Results: The authors compared Würstchen (trained on subsets of LAION-5B for 25,000 GPU hours) to Stable Diffusion 2.1 (trained on subsets of LAION-5B for 200,000 GPU hours). The authors generated images based on captions from MS COCO (human-written captions of pictures scraped from the web) and Parti-prompts (human-written captions designed to reflect common prompts for generative models). They asked 90 people which output they preferred. The judges expressed little preference regarding renderings of MS COCO captions: They chose Würstchen 41.3 percent of the time, Stable Diffusion 40.6 percent of the time, and neither 18.1 percent of the time. However, presented with the results of Parti-prompts, they preferred Würstchen 49.5 percent of the time, Stable Diffusion’s 32.8 percent of the time, and neither 17.7 percent of the time. Why it matters: Training a latent diffusion model to denoise smaller embeddings accelerates training, but this tends to produce lower-quality images.
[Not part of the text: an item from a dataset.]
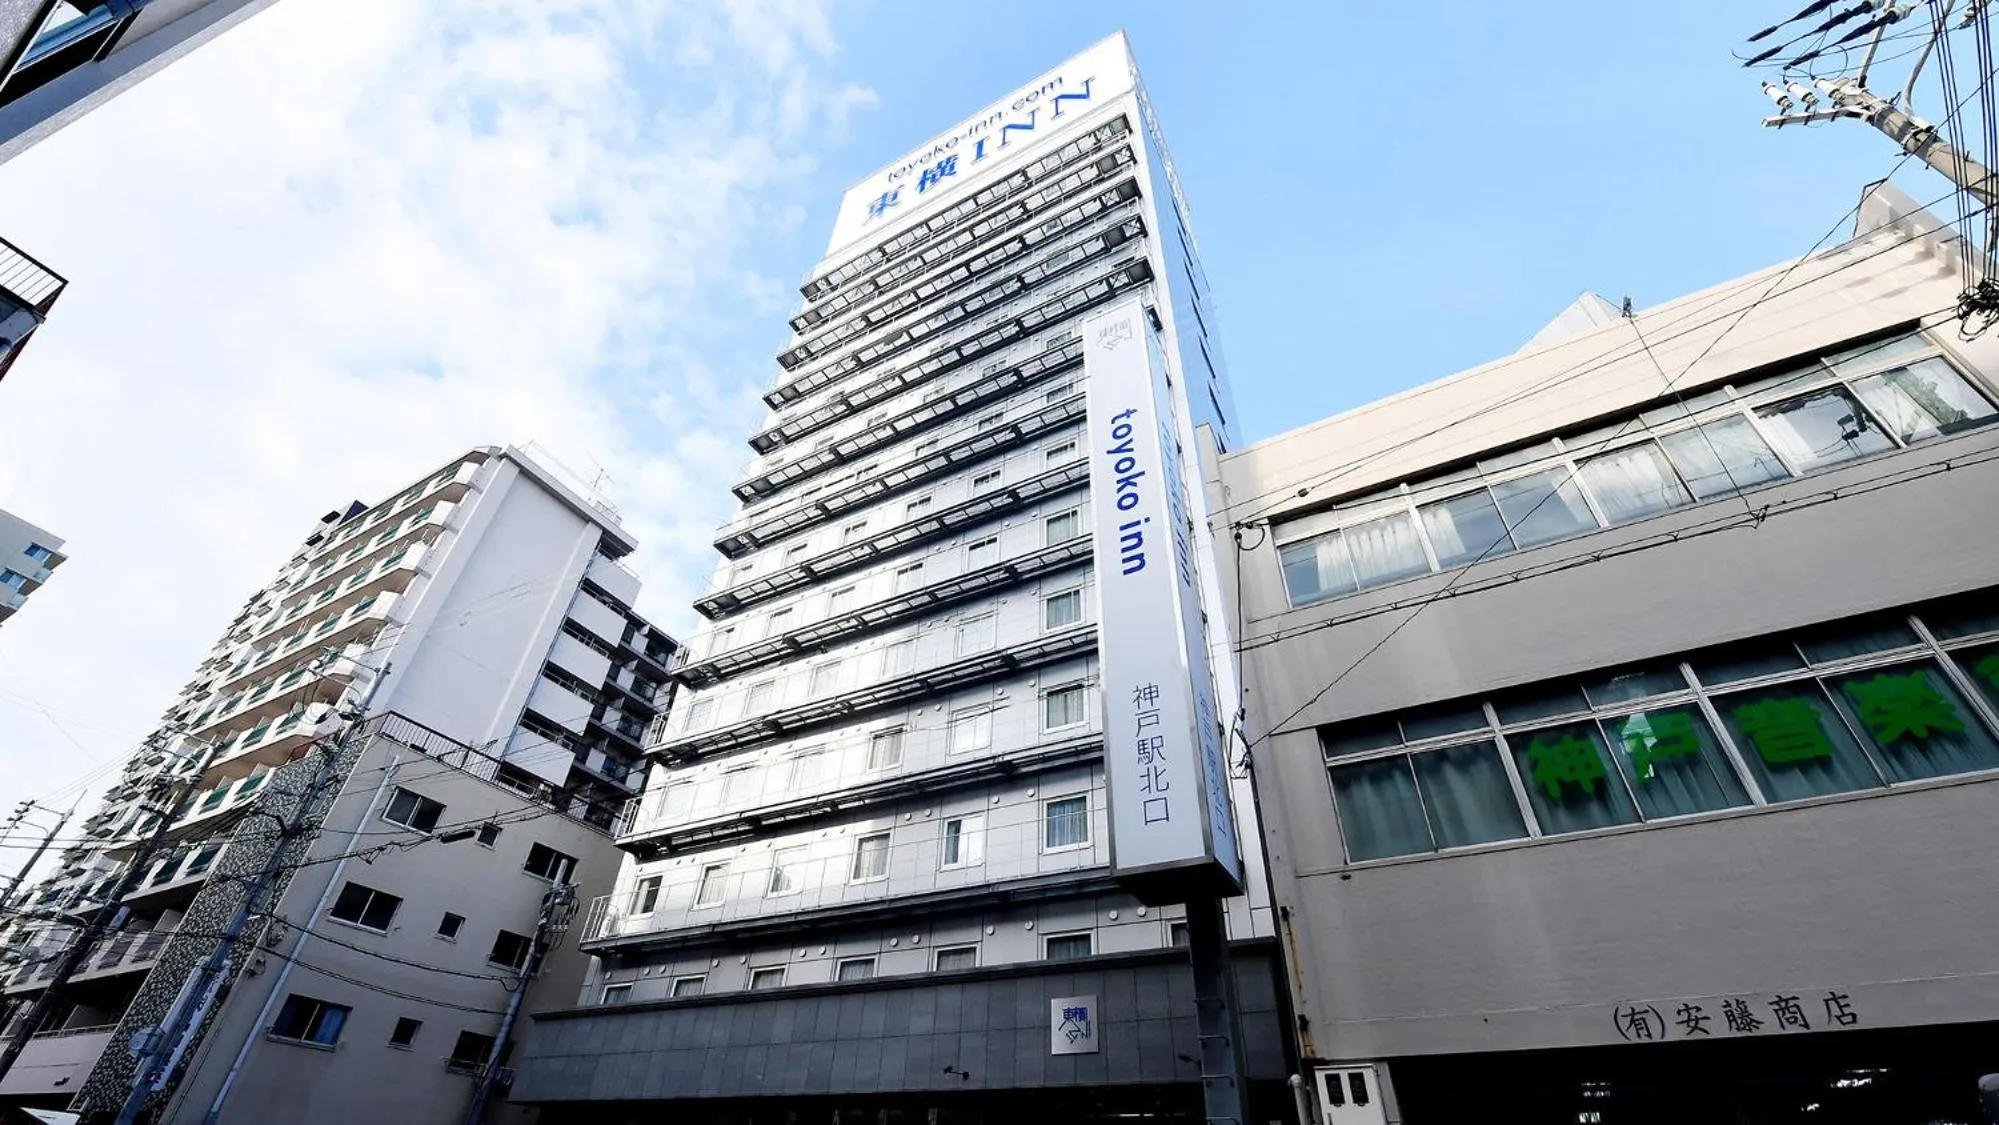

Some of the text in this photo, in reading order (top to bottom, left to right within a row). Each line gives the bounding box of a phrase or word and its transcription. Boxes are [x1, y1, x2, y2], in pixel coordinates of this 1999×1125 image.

Stacking two diffusion models — one to generate smaller embeddings, and the other to generate larger embeddings based on the smaller ones — enabled Würstchen to match or exceeded the output quality of models with large embeddings, while achieving the training speed of models with small embeddings. We're thinking: Stacking models in this fashion could be useful in training video generators. They could use a speed boost because video is much more data-intensive than still images.